Exercise => The entries that follow need to be returned without any alteration.

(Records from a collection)
⟨

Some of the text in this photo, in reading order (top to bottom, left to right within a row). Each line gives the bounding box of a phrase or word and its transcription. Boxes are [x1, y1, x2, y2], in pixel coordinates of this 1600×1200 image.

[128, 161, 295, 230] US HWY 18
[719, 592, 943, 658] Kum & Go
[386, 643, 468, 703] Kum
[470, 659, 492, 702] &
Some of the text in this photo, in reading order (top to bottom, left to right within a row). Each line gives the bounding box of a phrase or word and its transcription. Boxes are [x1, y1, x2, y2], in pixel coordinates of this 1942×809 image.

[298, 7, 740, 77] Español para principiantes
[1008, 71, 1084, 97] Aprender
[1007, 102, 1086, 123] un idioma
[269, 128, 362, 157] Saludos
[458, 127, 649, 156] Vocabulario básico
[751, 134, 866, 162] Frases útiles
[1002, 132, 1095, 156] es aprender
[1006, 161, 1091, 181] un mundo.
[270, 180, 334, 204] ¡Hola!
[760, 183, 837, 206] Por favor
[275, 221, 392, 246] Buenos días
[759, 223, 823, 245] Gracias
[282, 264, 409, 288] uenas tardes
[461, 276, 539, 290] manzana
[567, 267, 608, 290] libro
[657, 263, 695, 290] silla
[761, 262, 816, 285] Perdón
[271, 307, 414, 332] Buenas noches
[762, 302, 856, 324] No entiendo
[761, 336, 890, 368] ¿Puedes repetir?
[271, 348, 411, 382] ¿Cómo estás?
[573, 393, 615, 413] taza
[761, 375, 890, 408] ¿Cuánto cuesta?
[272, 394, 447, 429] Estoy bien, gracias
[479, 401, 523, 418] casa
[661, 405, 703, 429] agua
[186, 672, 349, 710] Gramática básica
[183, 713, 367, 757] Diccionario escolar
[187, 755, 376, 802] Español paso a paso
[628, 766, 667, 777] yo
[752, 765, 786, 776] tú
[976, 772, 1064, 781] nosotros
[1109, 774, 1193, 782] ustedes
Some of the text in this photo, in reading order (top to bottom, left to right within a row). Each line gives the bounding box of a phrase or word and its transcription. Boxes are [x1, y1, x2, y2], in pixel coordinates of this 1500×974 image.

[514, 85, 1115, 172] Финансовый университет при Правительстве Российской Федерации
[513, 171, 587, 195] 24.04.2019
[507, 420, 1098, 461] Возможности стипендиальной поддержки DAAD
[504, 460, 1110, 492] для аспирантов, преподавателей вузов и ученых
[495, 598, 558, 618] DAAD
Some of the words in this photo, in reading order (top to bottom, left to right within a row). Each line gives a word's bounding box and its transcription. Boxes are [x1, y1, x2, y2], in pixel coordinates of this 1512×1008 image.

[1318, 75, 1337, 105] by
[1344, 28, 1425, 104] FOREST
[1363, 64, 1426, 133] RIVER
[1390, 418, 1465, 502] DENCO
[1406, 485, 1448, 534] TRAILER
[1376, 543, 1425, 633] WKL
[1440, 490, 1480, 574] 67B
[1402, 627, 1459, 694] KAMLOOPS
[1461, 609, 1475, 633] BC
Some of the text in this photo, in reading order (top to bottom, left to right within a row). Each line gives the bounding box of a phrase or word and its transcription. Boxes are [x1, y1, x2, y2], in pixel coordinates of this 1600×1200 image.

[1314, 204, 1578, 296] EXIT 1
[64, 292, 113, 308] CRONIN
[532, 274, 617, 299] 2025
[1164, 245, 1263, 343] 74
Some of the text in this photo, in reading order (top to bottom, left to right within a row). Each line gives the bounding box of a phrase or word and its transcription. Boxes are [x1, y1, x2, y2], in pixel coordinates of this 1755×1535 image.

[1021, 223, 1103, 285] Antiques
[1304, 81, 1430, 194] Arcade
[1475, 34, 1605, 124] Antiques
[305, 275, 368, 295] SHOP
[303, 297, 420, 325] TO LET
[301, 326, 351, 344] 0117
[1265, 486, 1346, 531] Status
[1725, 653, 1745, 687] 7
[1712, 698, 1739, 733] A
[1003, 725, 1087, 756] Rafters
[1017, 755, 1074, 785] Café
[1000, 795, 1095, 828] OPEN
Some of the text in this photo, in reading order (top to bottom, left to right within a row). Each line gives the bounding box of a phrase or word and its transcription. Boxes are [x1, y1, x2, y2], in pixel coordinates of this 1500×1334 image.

⟩

Answer space =>
Some of the text in this photo, in reading order (top to bottom, left to right within a row). Each line gives the bounding box of a phrase or word and its transcription. Boxes are [x1, y1, x2, y2], in pixel coordinates of this 1600×1200 image.

[128, 161, 295, 230] US HWY 18
[719, 592, 943, 658] Kum & Go
[386, 643, 468, 703] Kum
[470, 659, 492, 702] &
Some of the text in this photo, in reading order (top to bottom, left to right within a row). Each line gives the bounding box of a phrase or word and its transcription. Boxes are [x1, y1, x2, y2], in pixel coordinates of this 1942×809 image.

[298, 7, 740, 77] Español para principiantes
[1008, 71, 1084, 97] Aprender
[1007, 102, 1086, 123] un idioma
[269, 128, 362, 157] Saludos
[458, 127, 649, 156] Vocabulario básico
[751, 134, 866, 162] Frases útiles
[1002, 132, 1095, 156] es aprender
[1006, 161, 1091, 181] un mundo.
[270, 180, 334, 204] ¡Hola!
[760, 183, 837, 206] Por favor
[275, 221, 392, 246] Buenos días
[759, 223, 823, 245] Gracias
[282, 264, 409, 288] uenas tardes
[461, 276, 539, 290] manzana
[567, 267, 608, 290] libro
[657, 263, 695, 290] silla
[761, 262, 816, 285] Perdón
[271, 307, 414, 332] Buenas noches
[762, 302, 856, 324] No entiendo
[761, 336, 890, 368] ¿Puedes repetir?
[271, 348, 411, 382] ¿Cómo estás?
[573, 393, 615, 413] taza
[761, 375, 890, 408] ¿Cuánto cuesta?
[272, 394, 447, 429] Estoy bien, gracias
[479, 401, 523, 418] casa
[661, 405, 703, 429] agua
[186, 672, 349, 710] Gramática básica
[183, 713, 367, 757] Diccionario escolar
[187, 755, 376, 802] Español paso a paso
[628, 766, 667, 777] yo
[752, 765, 786, 776] tú
[976, 772, 1064, 781] nosotros
[1109, 774, 1193, 782] ustedes
Some of the text in this photo, in reading order (top to bottom, left to right within a row). Each line gives the bounding box of a phrase or word and its transcription. Boxes are [x1, y1, x2, y2], in pixel coordinates of this 1500×974 image.

[514, 85, 1115, 172] Финансовый университет при Правительстве Российской Федерации
[513, 171, 587, 195] 24.04.2019
[507, 420, 1098, 461] Возможности стипендиальной поддержки DAAD
[504, 460, 1110, 492] для аспирантов, преподавателей вузов и ученых
[495, 598, 558, 618] DAAD
Some of the words in this photo, in reading order (top to bottom, left to right within a row). Each line gives a word's bounding box and its transcription. Boxes are [x1, y1, x2, y2], in pixel coordinates of this 1512×1008 image.

[1318, 75, 1337, 105] by
[1344, 28, 1425, 104] FOREST
[1363, 64, 1426, 133] RIVER
[1390, 418, 1465, 502] DENCO
[1406, 485, 1448, 534] TRAILER
[1376, 543, 1425, 633] WKL
[1440, 490, 1480, 574] 67B
[1402, 627, 1459, 694] KAMLOOPS
[1461, 609, 1475, 633] BC
Some of the text in this photo, in reading order (top to bottom, left to right within a row). Each line gives the bounding box of a phrase or word and its transcription. Boxes are [x1, y1, x2, y2], in pixel coordinates of this 1600×1200 image.

[1314, 204, 1578, 296] EXIT 1
[64, 292, 113, 308] CRONIN
[532, 274, 617, 299] 2025
[1164, 245, 1263, 343] 74
Some of the text in this photo, in reading order (top to bottom, left to right within a row). Each line gives the bounding box of a phrase or word and its transcription. Boxes are [x1, y1, x2, y2], in pixel coordinates of this 1755×1535 image.

[1021, 223, 1103, 285] Antiques
[1304, 81, 1430, 194] Arcade
[1475, 34, 1605, 124] Antiques
[305, 275, 368, 295] SHOP
[303, 297, 420, 325] TO LET
[301, 326, 351, 344] 0117
[1265, 486, 1346, 531] Status
[1725, 653, 1745, 687] 7
[1712, 698, 1739, 733] A
[1003, 725, 1087, 756] Rafters
[1017, 755, 1074, 785] Café
[1000, 795, 1095, 828] OPEN
Some of the text in this photo, in reading order (top to bottom, left to right within a row). Each line gives the bounding box of a phrase or word and its transcription. Boxes are [x1, y1, x2, y2], in pixel coordinates of this 1500×1334 image.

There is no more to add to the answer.